Distinct from what? from .hs.
[attention] From whom? IDE devs
It needs to be parsed, updated, validated, formatted. This will be the case for whatever is being used, so again: What's the point? It doesn't matter if it's in its own .cabal syntax, in some Haskell-like syntax, JSON, YAML, or even some graphical representation.
if serialized model is used, then parsing, update, validation, formatting are no longer necessary I'm not sure what config format is meant here. If it's stack.yaml, it
*must* be somehow different (even if we ignore the surface syntax), because it describes a project, not a single package.
What standard package format are we trying to agree then?
More problems (distinct file type etc).
What are the actual problems here?
implementing each new file type in IDE is a lot of work. That is, if IDE is trying to do anything with contents of that file. Such as support syncing renamed file to config.
More formats may follow.
If they are for different purposes, that's OK and is to be expected.
Each new format would need to be implemented. Time spent on implementing new formats is time not spent on implementing any other features. It may take nearly as long as implementing .hs support itself. Is this even thought about? If this may be avoided, why not at least consider this as an option?
.cabal files describe "how a package looks like" and a stack.yaml describes "how to build a project in a reproducable way", which are different (although related) things. What should "common" mean here?
Standard package file format (as the thread is called). Isn't it about cabal and yaml? Anyway, can not a common config file be used for both purposes? If not, can common file type / model be used for both purposes - sharing the common parts of the type structure?
Somehow you will always need a concrete representation of abstract notions (call them "models", "ASTs", etc.), otherwise you won't be able to process them. So you will always need to care about some kind of syntax etc., I can't see how using a "Haskell type" will help here. And you will need some semantics for the representation.
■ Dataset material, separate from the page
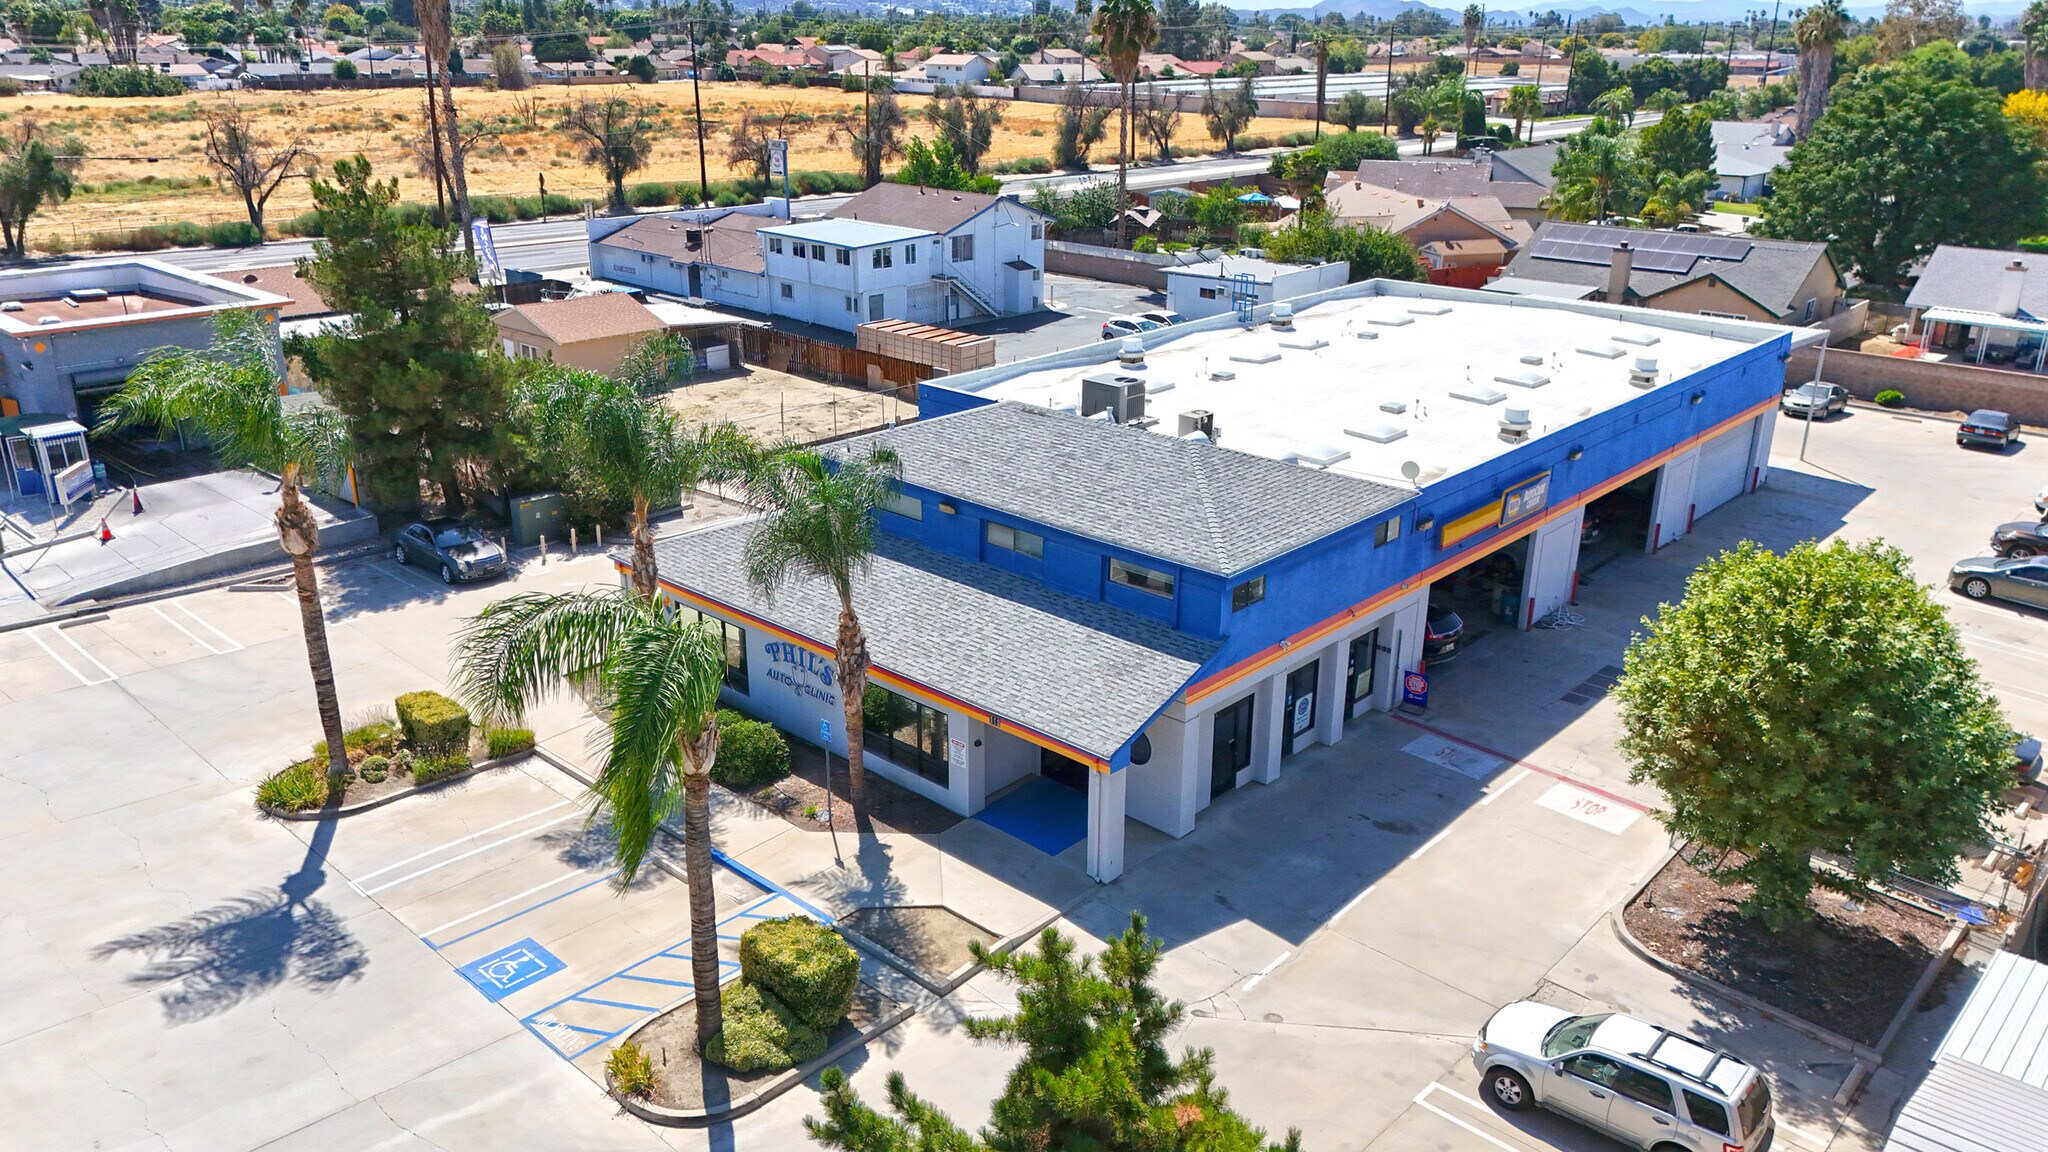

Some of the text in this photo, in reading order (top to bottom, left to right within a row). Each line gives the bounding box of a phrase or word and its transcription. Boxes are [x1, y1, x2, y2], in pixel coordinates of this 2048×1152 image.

[765, 641, 835, 687] PHIL'S
[766, 668, 837, 706] AUTO CLINIC
[1570, 797, 1608, 816] STOP
[534, 1012, 560, 1029] NO
Even if we used e.g. JSON (or whatever is en vogue at the moment), IDEs will not magically start understanding and supporting Haskell projects.
well if config is expressed in terms of Haskell syntax, implemented .hs support will be enough to support editing these config files. Each file type (including .cabal) takes time to implement.
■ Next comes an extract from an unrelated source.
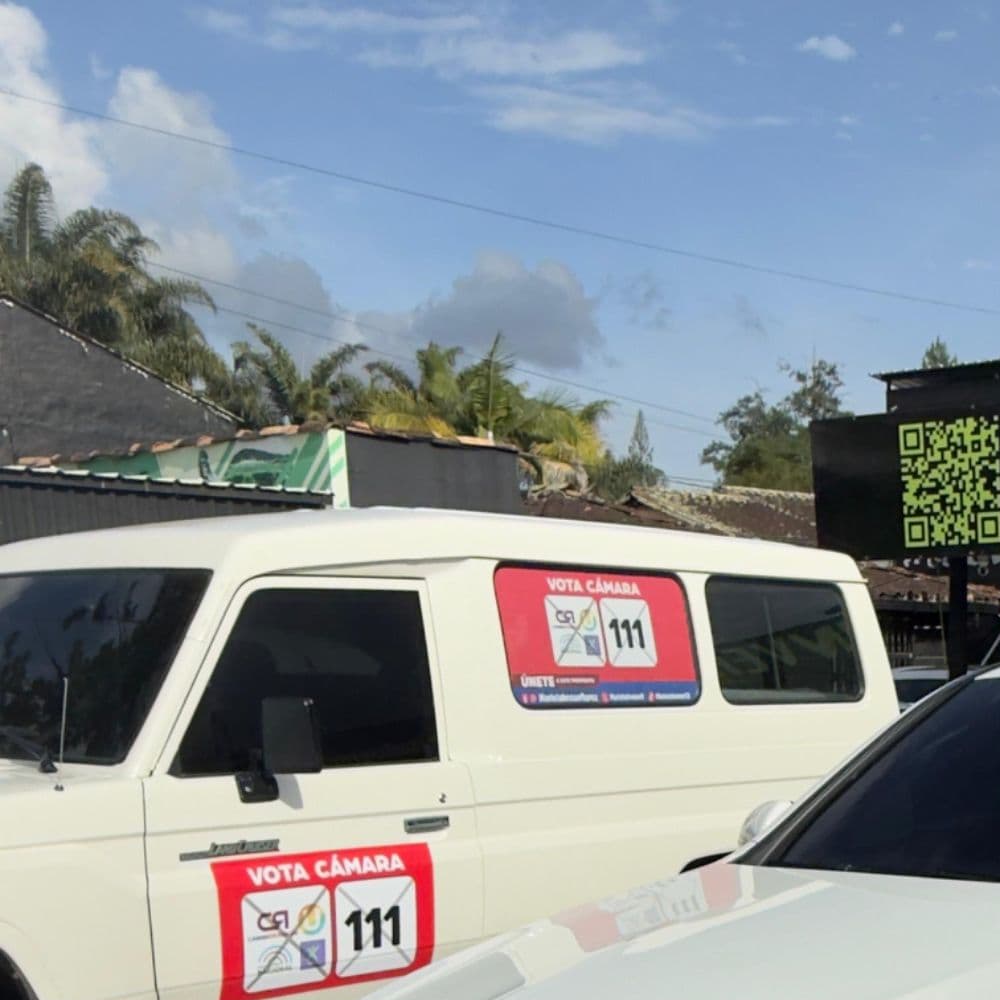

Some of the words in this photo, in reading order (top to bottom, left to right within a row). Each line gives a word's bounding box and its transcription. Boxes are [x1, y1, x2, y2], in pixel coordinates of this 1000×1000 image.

Again: What is the actual problem we're trying to solve? I still haven't seen a concrete use case which is hard/impossible with the current state of affairs. Personally, I would e.g. like to see some abstraction facilities to avoid repetition in .cabal files with lots of executables, but I don't care about the concrete syntax (and Cabal's internal model/AST wouldn't be affected, either).
adopting standard package file format. Which could be addressed even better by adopting typed standard config content. the problems as I see them are: - users need to learn .cabal (.yaml, ...) syntax in addition to .hs syntax - IDE need to implement each such syntax on top of .hs. That is, if support / sync of these configs to code files is expected. Am I the only one who sees these as issues that need / can be solved? Also maybe let's be more specific: what is this thread - *Standard package file format* - all about?